* [Exercise directions]
In the copy, keep every line below as it is and leave out the pictures.

Excerpts from a dataset:
──────
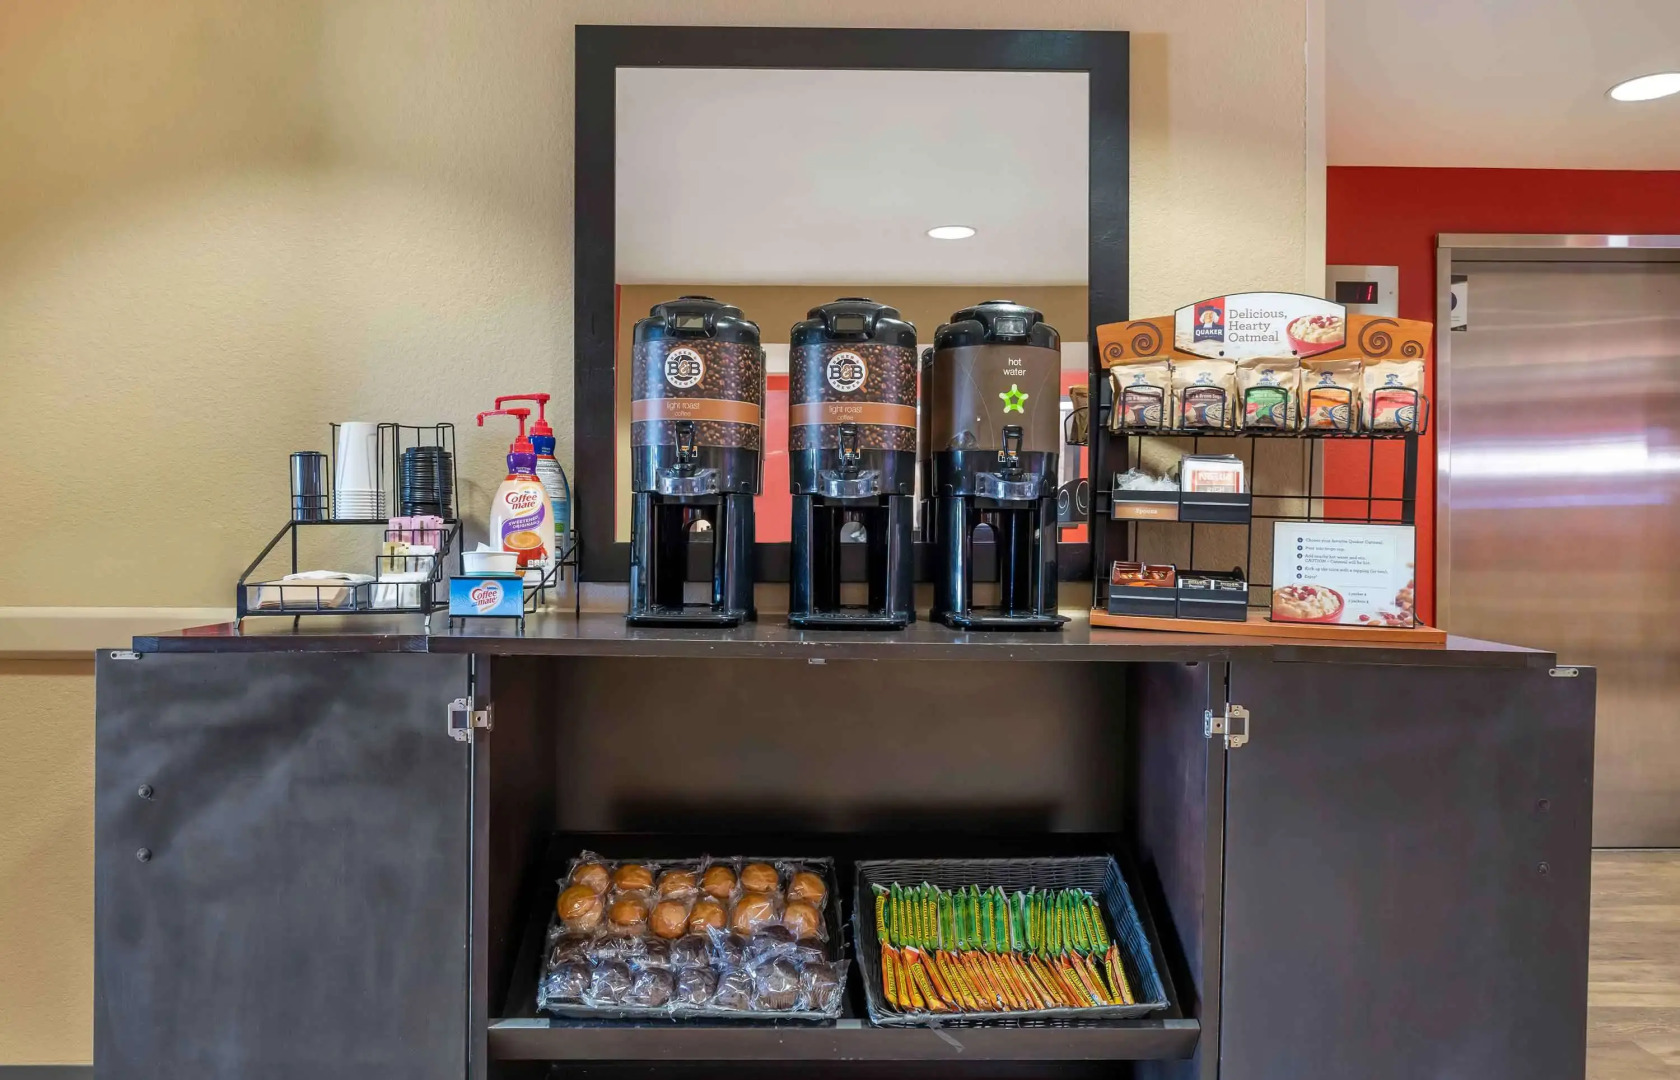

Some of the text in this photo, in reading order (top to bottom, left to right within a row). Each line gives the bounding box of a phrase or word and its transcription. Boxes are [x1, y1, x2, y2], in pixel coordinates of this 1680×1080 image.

[1368, 285, 1373, 300] 1
[1229, 308, 1287, 319] Delicious,
[1228, 320, 1270, 332] Hearty
[1195, 328, 1223, 336] QUAKER
[1228, 332, 1278, 342] Oatmeal
[1008, 357, 1022, 366] hot
[1003, 368, 1026, 376] water
[666, 402, 680, 411] light
[829, 405, 843, 414] light
[505, 492, 537, 504] Coffee
[512, 501, 535, 510] mate
[472, 589, 497, 600] Coffee
[478, 597, 496, 605] mate
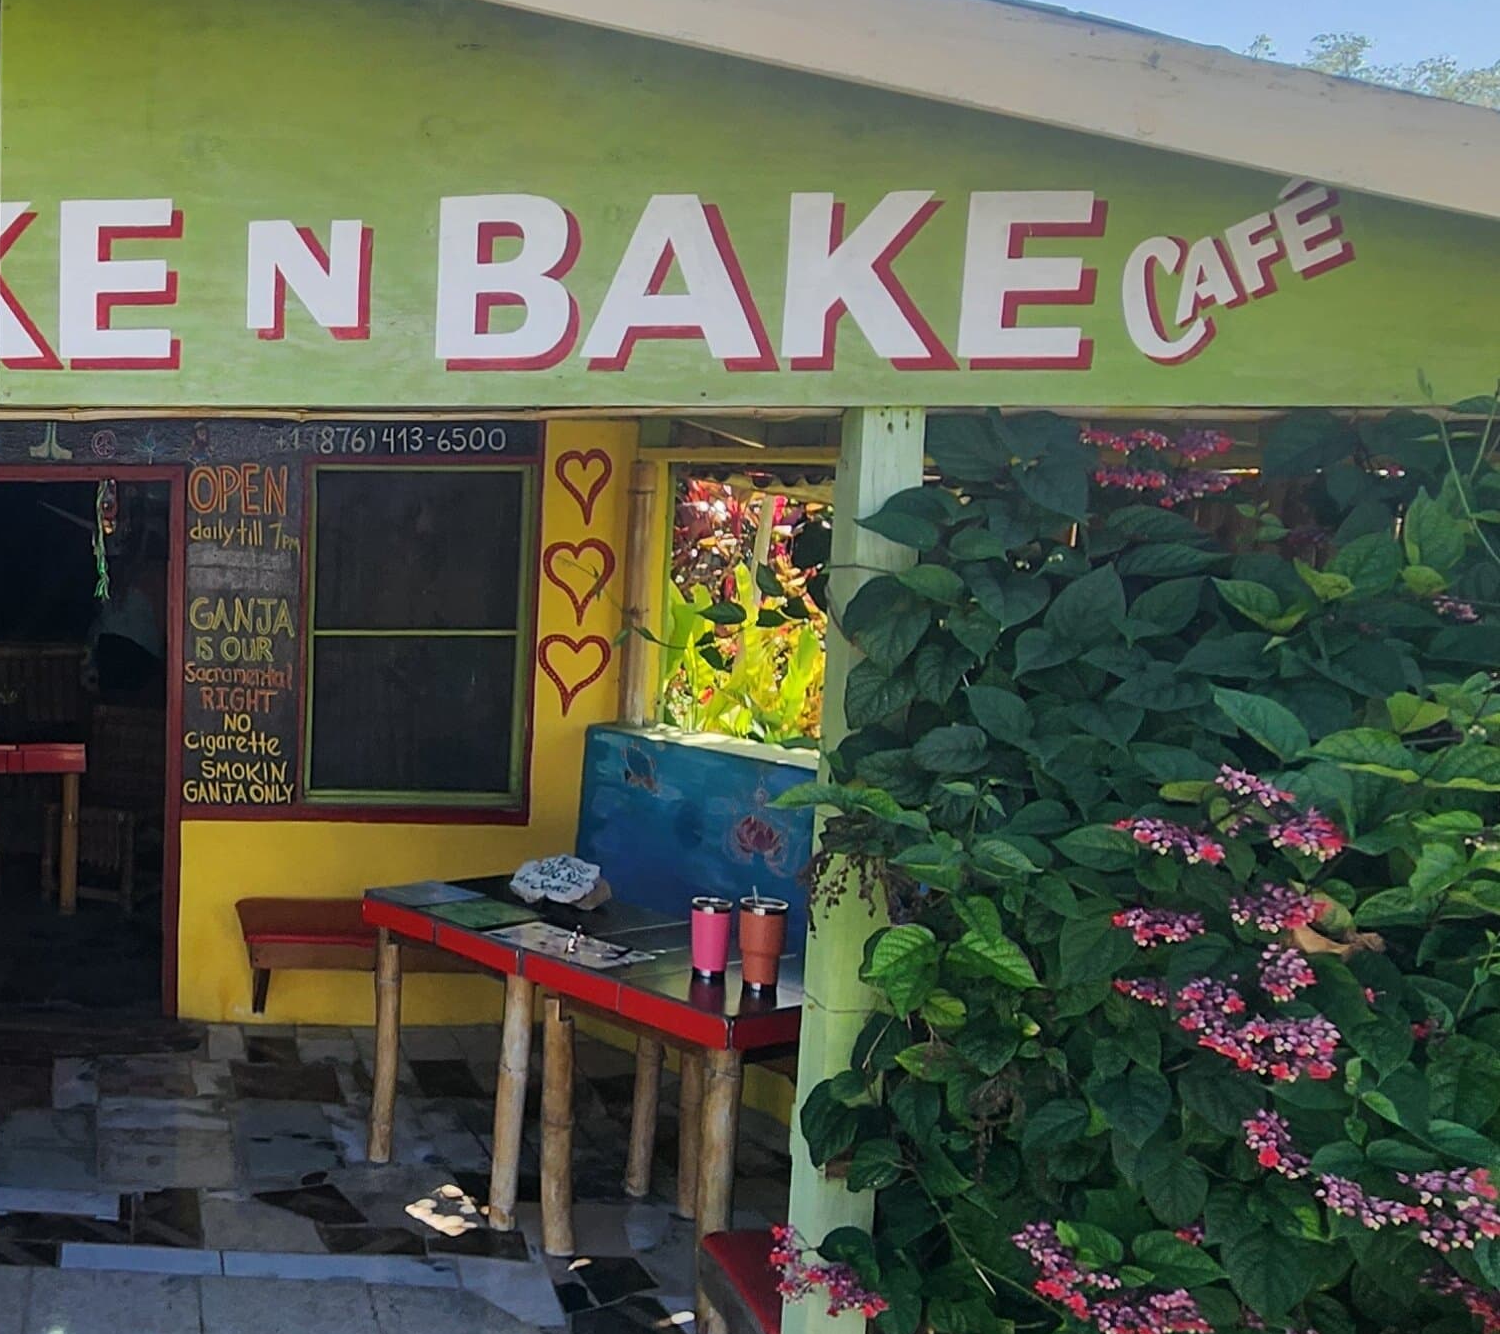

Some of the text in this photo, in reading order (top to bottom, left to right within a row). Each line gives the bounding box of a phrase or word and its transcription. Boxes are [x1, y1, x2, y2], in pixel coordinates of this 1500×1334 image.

[246, 219, 374, 341] N
[435, 190, 1109, 372] BAKE
[381, 426, 507, 455] 413-6500
[187, 463, 288, 516] OPEN
[189, 518, 235, 548] daily
[236, 518, 263, 547] till
[189, 596, 295, 638] GANJA
[195, 636, 275, 662] IS OUR
[184, 661, 293, 691] Sacramental
[200, 686, 278, 714] RIGHT
[223, 713, 252, 733] NO
[201, 760, 288, 785] SMOKIN
[183, 780, 295, 805] GANJA ONLY
──────
* [Task answer]
Some of the text in this photo, in reading order (top to bottom, left to right within a row). Each line gives the bounding box of a phrase or word and its transcription. Boxes are [x1, y1, x2, y2], in pixel coordinates of this 1680×1080 image.

[1368, 285, 1373, 300] 1
[1229, 308, 1287, 319] Delicious,
[1228, 320, 1270, 332] Hearty
[1195, 328, 1223, 336] QUAKER
[1228, 332, 1278, 342] Oatmeal
[1008, 357, 1022, 366] hot
[1003, 368, 1026, 376] water
[666, 402, 680, 411] light
[829, 405, 843, 414] light
[505, 492, 537, 504] Coffee
[512, 501, 535, 510] mate
[472, 589, 497, 600] Coffee
[478, 597, 496, 605] mate

Some of the text in this photo, in reading order (top to bottom, left to right within a row). Each line gives the bounding box of a phrase or word and its transcription. Boxes are [x1, y1, x2, y2], in pixel coordinates of this 1500×1334 image.

[246, 219, 374, 341] N
[435, 190, 1109, 372] BAKE
[381, 426, 507, 455] 413-6500
[187, 463, 288, 516] OPEN
[189, 518, 235, 548] daily
[236, 518, 263, 547] till
[189, 596, 295, 638] GANJA
[195, 636, 275, 662] IS OUR
[184, 661, 293, 691] Sacramental
[200, 686, 278, 714] RIGHT
[223, 713, 252, 733] NO
[201, 760, 288, 785] SMOKIN
[183, 780, 295, 805] GANJA ONLY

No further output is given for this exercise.